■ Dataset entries
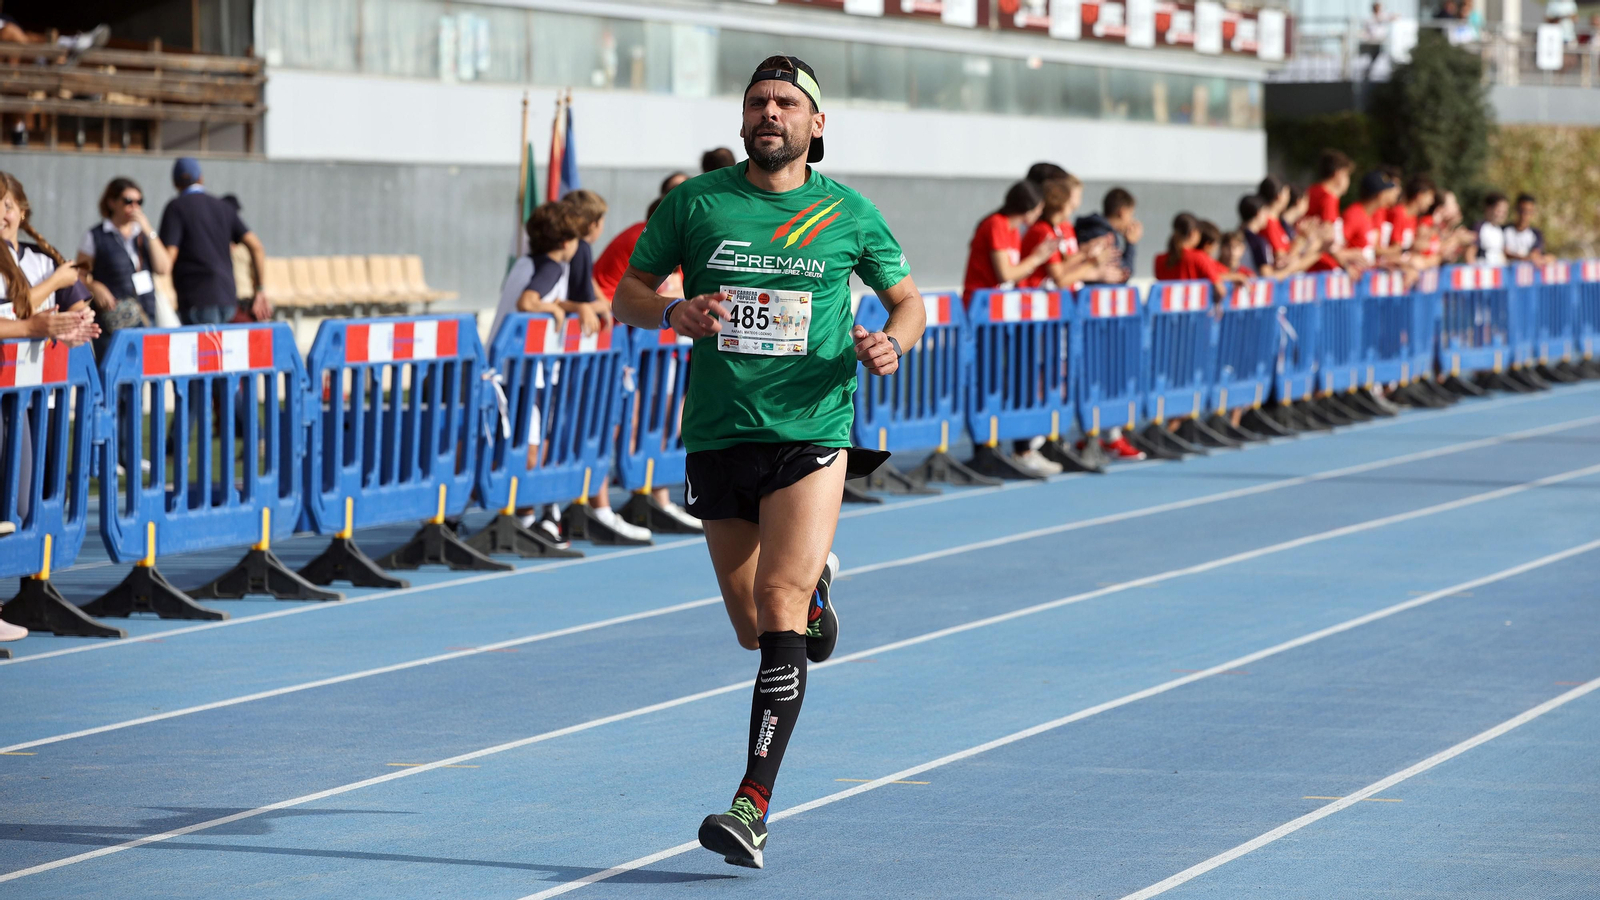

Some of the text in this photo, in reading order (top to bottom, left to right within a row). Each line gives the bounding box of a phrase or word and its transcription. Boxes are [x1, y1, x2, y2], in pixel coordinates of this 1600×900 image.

[707, 240, 825, 273] EPREMAIN
[804, 270, 822, 278] CEUTA
[729, 304, 770, 330] 485
[754, 709, 772, 756] COMPRES
[759, 724, 776, 758] SPORT

■ Problem requirements
The output is the data above, repeated exactly, with pictures omitted.

■ Solution to this exercise
Some of the text in this photo, in reading order (top to bottom, left to right within a row). Each line gives the bounding box of a phrase or word and its transcription. Boxes are [x1, y1, x2, y2], in pixel coordinates of this 1600×900 image.

[707, 240, 825, 273] EPREMAIN
[804, 270, 822, 278] CEUTA
[729, 304, 770, 330] 485
[754, 709, 772, 756] COMPRES
[759, 724, 776, 758] SPORT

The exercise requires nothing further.